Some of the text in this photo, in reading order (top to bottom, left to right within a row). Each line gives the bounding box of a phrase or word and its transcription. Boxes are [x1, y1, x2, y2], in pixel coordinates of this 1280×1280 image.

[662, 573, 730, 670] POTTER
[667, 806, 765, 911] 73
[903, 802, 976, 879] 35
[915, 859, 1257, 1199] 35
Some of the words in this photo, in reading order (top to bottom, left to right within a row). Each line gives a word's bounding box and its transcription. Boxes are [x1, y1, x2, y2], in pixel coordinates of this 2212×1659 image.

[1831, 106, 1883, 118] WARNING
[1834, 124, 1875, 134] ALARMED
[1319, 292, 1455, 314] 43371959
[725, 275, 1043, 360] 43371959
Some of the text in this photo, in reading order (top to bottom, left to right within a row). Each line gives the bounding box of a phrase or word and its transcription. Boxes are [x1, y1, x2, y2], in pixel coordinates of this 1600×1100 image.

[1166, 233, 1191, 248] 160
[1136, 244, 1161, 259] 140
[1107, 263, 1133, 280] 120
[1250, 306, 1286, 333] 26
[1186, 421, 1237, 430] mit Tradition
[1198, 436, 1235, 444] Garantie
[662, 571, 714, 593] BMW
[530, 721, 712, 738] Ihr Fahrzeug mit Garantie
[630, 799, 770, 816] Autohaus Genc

▬▬▬▬▬▬

**WHAT TO WORK ON**
From the first line to the last, return the data above exactly.

**EXERCISE SOLUTION**
Some of the text in this photo, in reading order (top to bottom, left to right within a row). Each line gives the bounding box of a phrase or word and its transcription. Boxes are [x1, y1, x2, y2], in pixel coordinates of this 1280×1280 image.

[662, 573, 730, 670] POTTER
[667, 806, 765, 911] 73
[903, 802, 976, 879] 35
[915, 859, 1257, 1199] 35
Some of the words in this photo, in reading order (top to bottom, left to right within a row). Each line gives a word's bounding box and its transcription. Boxes are [x1, y1, x2, y2], in pixel coordinates of this 2212×1659 image.

[1831, 106, 1883, 118] WARNING
[1834, 124, 1875, 134] ALARMED
[1319, 292, 1455, 314] 43371959
[725, 275, 1043, 360] 43371959
Some of the text in this photo, in reading order (top to bottom, left to right within a row). Each line gives the bounding box of a phrase or word and its transcription. Boxes are [x1, y1, x2, y2], in pixel coordinates of this 1600×1100 image.

[1166, 233, 1191, 248] 160
[1136, 244, 1161, 259] 140
[1107, 263, 1133, 280] 120
[1250, 306, 1286, 333] 26
[1186, 421, 1237, 430] mit Tradition
[1198, 436, 1235, 444] Garantie
[662, 571, 714, 593] BMW
[530, 721, 712, 738] Ihr Fahrzeug mit Garantie
[630, 799, 770, 816] Autohaus Genc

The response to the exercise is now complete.